Records from a data source:

++++++++++++++++++++

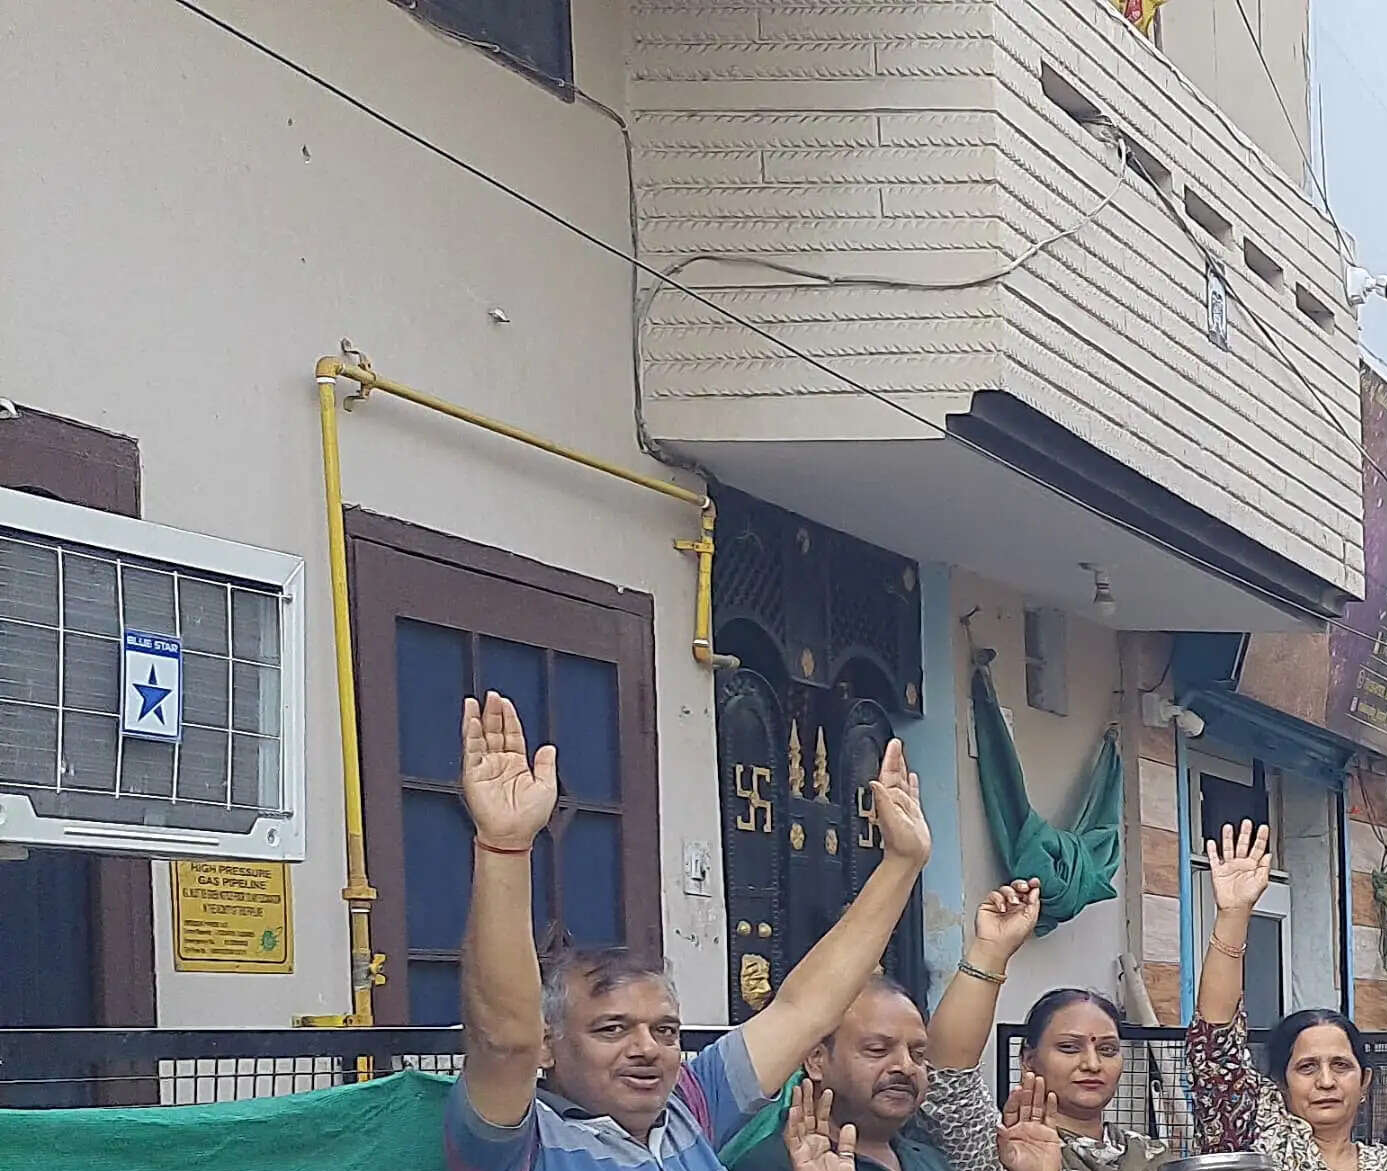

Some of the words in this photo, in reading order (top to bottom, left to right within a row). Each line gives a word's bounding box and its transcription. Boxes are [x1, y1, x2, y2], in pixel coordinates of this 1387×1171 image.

[127, 635, 152, 648] BLUE
[154, 640, 178, 653] STAR
[191, 863, 217, 873] HIGH
[219, 865, 272, 878] PRESSURE
[198, 875, 219, 887] GAS
[222, 877, 268, 890] PIPELINE

++++++++++++++++++++

## Your objective
Please write out every entry exactly, but skip the pictures.

## Result of this exercise
Some of the words in this photo, in reading order (top to bottom, left to right within a row). Each line gives a word's bounding box and its transcription. Boxes are [x1, y1, x2, y2], in pixel coordinates of this 1387×1171 image.

[127, 635, 152, 648] BLUE
[154, 640, 178, 653] STAR
[191, 863, 217, 873] HIGH
[219, 865, 272, 878] PRESSURE
[198, 875, 219, 887] GAS
[222, 877, 268, 890] PIPELINE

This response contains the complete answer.